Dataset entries
----

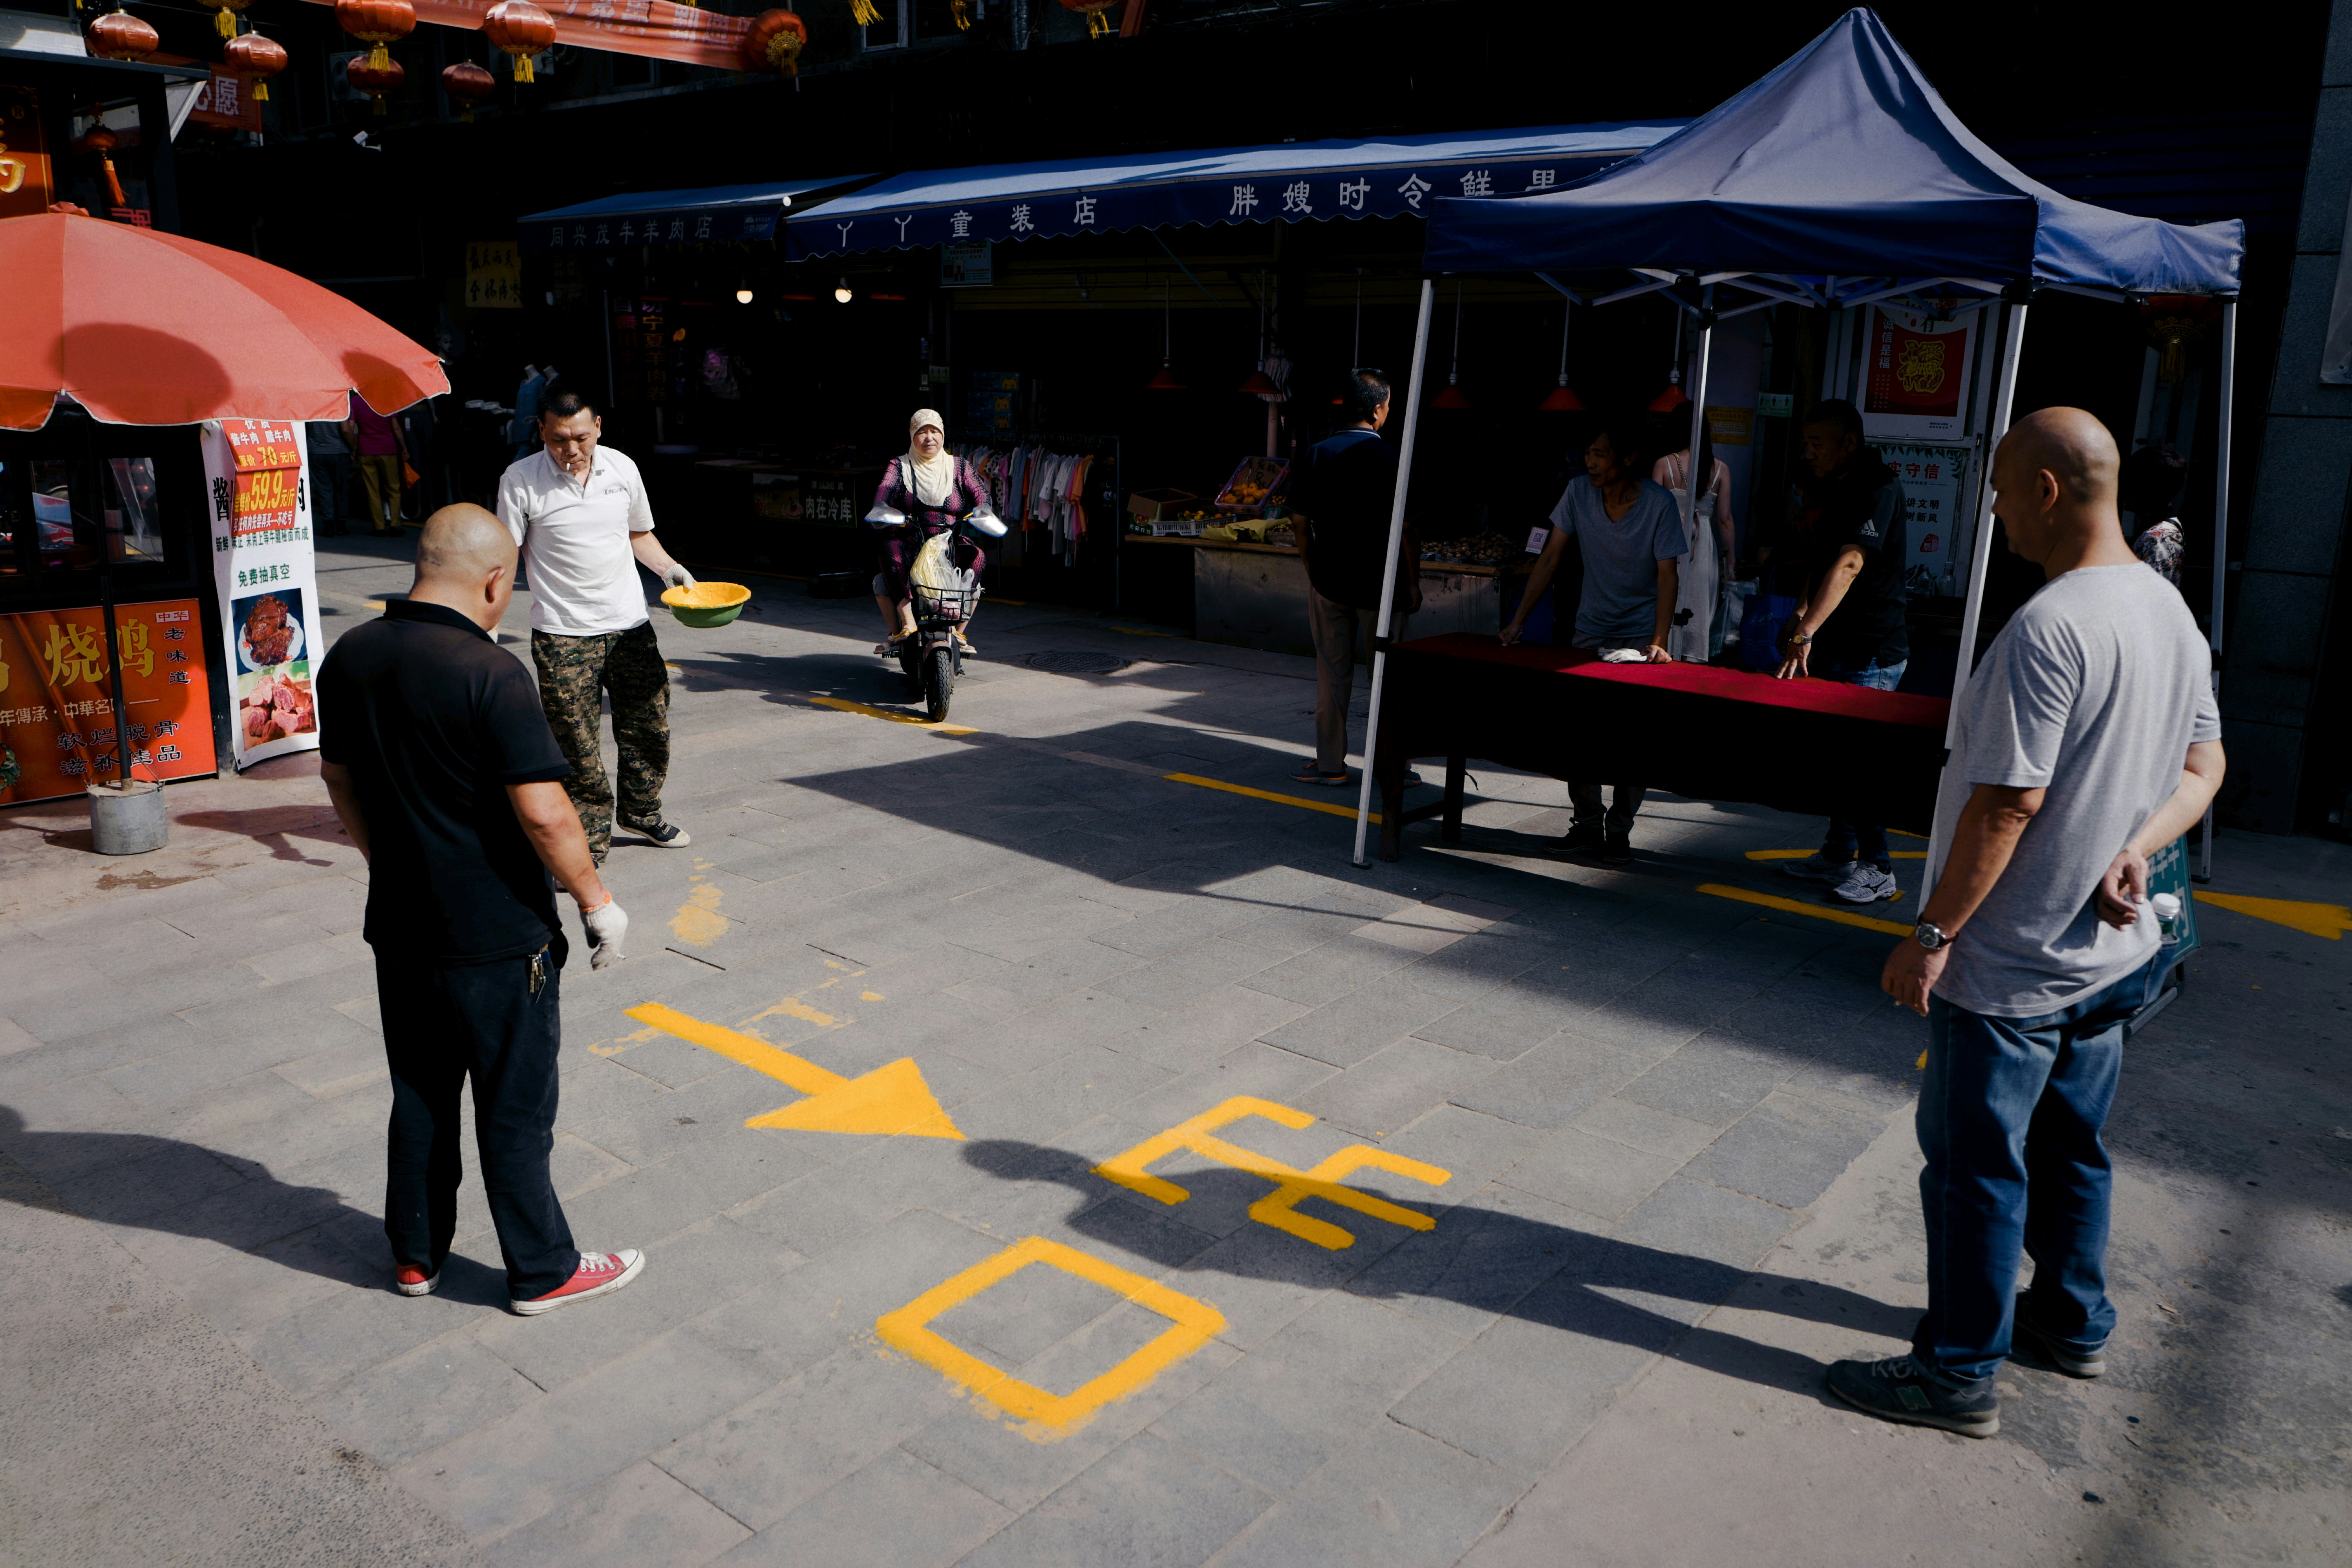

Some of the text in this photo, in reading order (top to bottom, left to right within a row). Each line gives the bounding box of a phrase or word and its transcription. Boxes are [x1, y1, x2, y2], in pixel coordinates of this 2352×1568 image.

[550, 214, 712, 247] 同兴茂牛羊肉店
[836, 196, 1097, 247] 丫丫童装店
[1879, 318, 1895, 369] 诚信是福
[230, 429, 292, 446] 酱牛肉 腊牛肉
[239, 446, 296, 467] 原价 70 元/斤
[805, 495, 852, 522] 肉在冷库
[1906, 498, 1939, 510] 讲文明
[1906, 512, 1938, 523] 树新风
[1854, 529, 1878, 537] adidas
[238, 564, 290, 587] 免费抽真空
[159, 611, 188, 622] 中华
[0, 619, 155, 693] 烧鸡
[164, 627, 191, 684] 老味道
[58, 719, 179, 750] 软烂脱骨
[60, 745, 182, 776] 滋补佳品

----

*ASSIGNMENT*. Reprint each of the records exactly and skip the images.

*EXERCISE RESULT*.
Some of the text in this photo, in reading order (top to bottom, left to right within a row). Each line gives the bounding box of a phrase or word and its transcription. Boxes are [x1, y1, x2, y2], in pixel coordinates of this 2352×1568 image.

[550, 214, 712, 247] 同兴茂牛羊肉店
[836, 196, 1097, 247] 丫丫童装店
[1879, 318, 1895, 369] 诚信是福
[230, 429, 292, 446] 酱牛肉 腊牛肉
[239, 446, 296, 467] 原价 70 元/斤
[805, 495, 852, 522] 肉在冷库
[1906, 498, 1939, 510] 讲文明
[1906, 512, 1938, 523] 树新风
[1854, 529, 1878, 537] adidas
[238, 564, 290, 587] 免费抽真空
[159, 611, 188, 622] 中华
[0, 619, 155, 693] 烧鸡
[164, 627, 191, 684] 老味道
[58, 719, 179, 750] 软烂脱骨
[60, 745, 182, 776] 滋补佳品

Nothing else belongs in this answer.